St. Anselm Finds Religion on the Grill
Last year's biggest restaurant tease was St. Anselm. Rather obscurely named after an 11th-century archbishop of Canterbury, the place opened in Williamsburg without a liquor license in May 2010, promising an emphasis on nose-to-tail eating that would have included beer-battered brains, homemade scrapple, foie gras pierogi, fried gizzard confit, and something intriguingly called "Skin 3 Way." Well, the requisite booze permit was late in arriving, so an alcohol-free St. Anselm launched with a simple but slightly disappointing menu of Jersey-style burgers and franks. These were best eaten in the magnificent backyard with a beer from next-door Spuyten Duyvil, which, along with Fette Sau across the street, formed a mini-campus of related establishments.
St. Anselm sputtered along for less than a year before closing to retool. Finally, the place reopened in early June of this year with a new menu and a liquor license. And guess what? The variety meats were mainly missing, in favor of a menu that co-owner Joe Carroll calls "simply seasoned meats and seafood." Even the marrow bones promised on the new bill of fare were not available on my first visit. Much of the rest of the food, though, was on the money. The appetizers were terrif, including grilled artichokes daubed with aioli ($8); griddle-crisped mashed potatoes subtly flavored with truffle oil; and, especially, a collection of wine-braised octopus arms ($15). These came mounded high on a piece of toast, teetering precariously as the dish was brought to the table, and eating it required a steady hand.
Which is not to say a steady hand always rested on the tiller of the restaurant. In fact, two of the entrées (which come unaccompanied and are called merely "Bigs") constituted flights of fancy so strange that you wonder why no one noticed how bad they were. The first was a small chicken ($19), head still dangling. The pullet appeared to have been attacked with napalm. The skin was black and hung gruesomely loose, and the feet were shriveled and deformed as though the bird cringed as it perished. Once the inedible outer trappings were peeled away, the flesh—which tasted like it had been brined in Arizona tea—was sweet in an almost repulsive way. A pair of gigantic beef ribs ("deviled bones," $17) was another fail. There's no telling what cooking process they'd undergone, because the pair had been reduced to shrunken brickbats of gristle and crumb.
Grill and Swill
Cryptically prepared ribs aside, most of the cooking is done on a gas grill, usually to good effect—especially when it comes to seafood—which tends to be sustainable here, so you can munch it guilt-free. An entire mackerel ($10) emerges striped from the grill, awash in olive oil and decorated with little peppercorn-covered twigs, reminding us by their resemblance to miniature cherry branches that peppercorns are a fruit. A trio of grilled sardines is generous at $10, sided brilliantly with pickled lotus root—not as a gesture toward culinary reconciliation with Asia but as a perfect crisp counterpoint to the dark, oily flesh. Though they didn't improve much from the flame opening they received, the magnificent parsley-dotted clams would have done a seafood shack on the Jersey shore proud.

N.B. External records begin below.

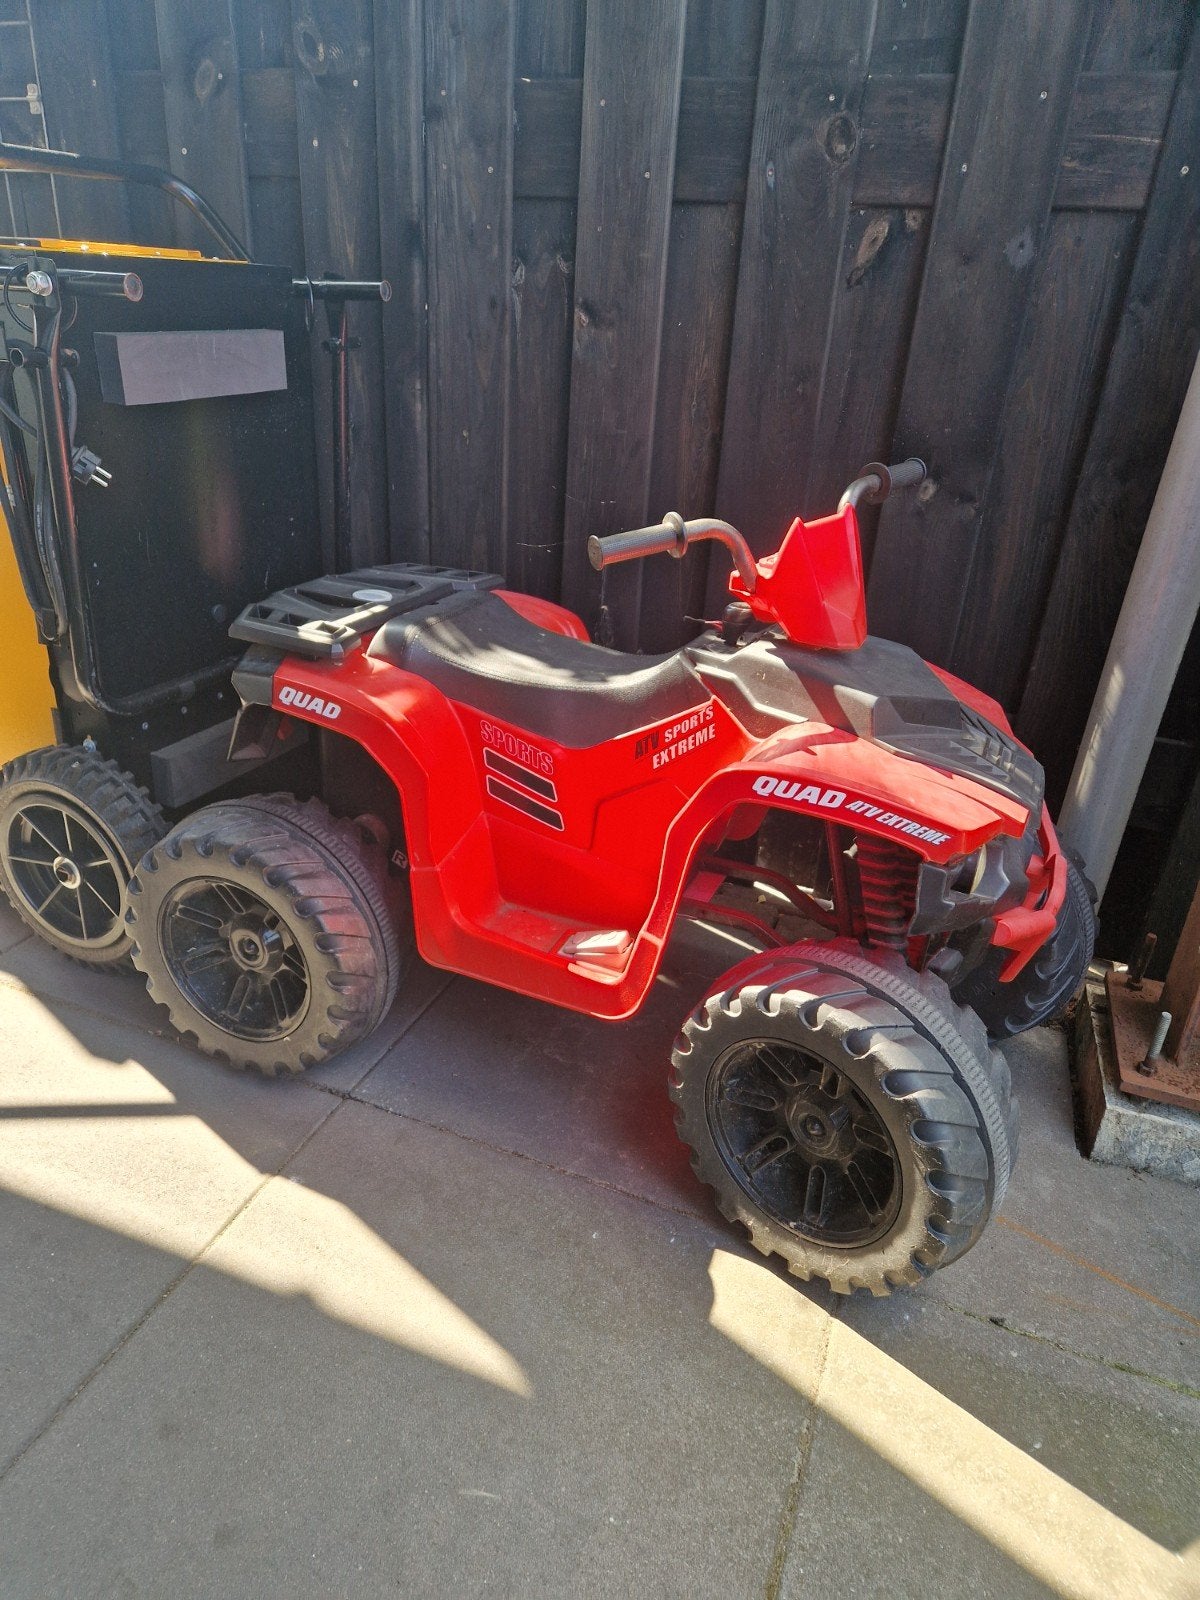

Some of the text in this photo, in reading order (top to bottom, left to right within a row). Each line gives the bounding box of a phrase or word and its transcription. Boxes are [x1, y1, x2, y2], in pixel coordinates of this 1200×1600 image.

[278, 686, 342, 719] QUAD
[480, 720, 554, 775] SPORTS
[634, 705, 715, 760] ATV SPORTS
[652, 724, 716, 770] EXTREME
[752, 775, 951, 845] QUAD ATV EXTREME

Can the grilling ethos of this Brooklyn saint go too far? Seemingly not, since a Caprese salad served warm with red grilled tomatoes turned out to be a boffo idea, intensifying the flavor of the fruit and warming the cheese a little bit, too. And browning cauliflower on the grill dispels the sulfuric savor the vegetable often develops—which is why you rarely find it otherwise than raw in restaurants. But a thick piece of bacon (really more like Canadian bacon) tasted a little too much like ham, and this cooking process did nothing but make it dryer.
Like Spuyten Duyvil next door, which specializes in large bottles of Belgian ale, St. Anselm has an atypical alcohol program, centering on craft beers and keg wines. The last is a new fad, though one that has already been exploited by Marcus Samuelsson at Red Rooster and Tom Colicchio at his pop-up High Line outdoor bar. The poster child for this method of wine delivery is a product made by Brooklyn's Red Hook Winery called Brooklynbrusco. Thin only begins to describe this pale pink fluid, and so does sour-tasting. A much better exemplar is the plainish, unoaked chardonnay from Channing Daughters out in Long Island. Both cost $20 for 500 ml served in a beaker with a handle. Though it may hurt your locavoric bones to be drinking wine from the North Fork rather than Red Hook, you've been warned.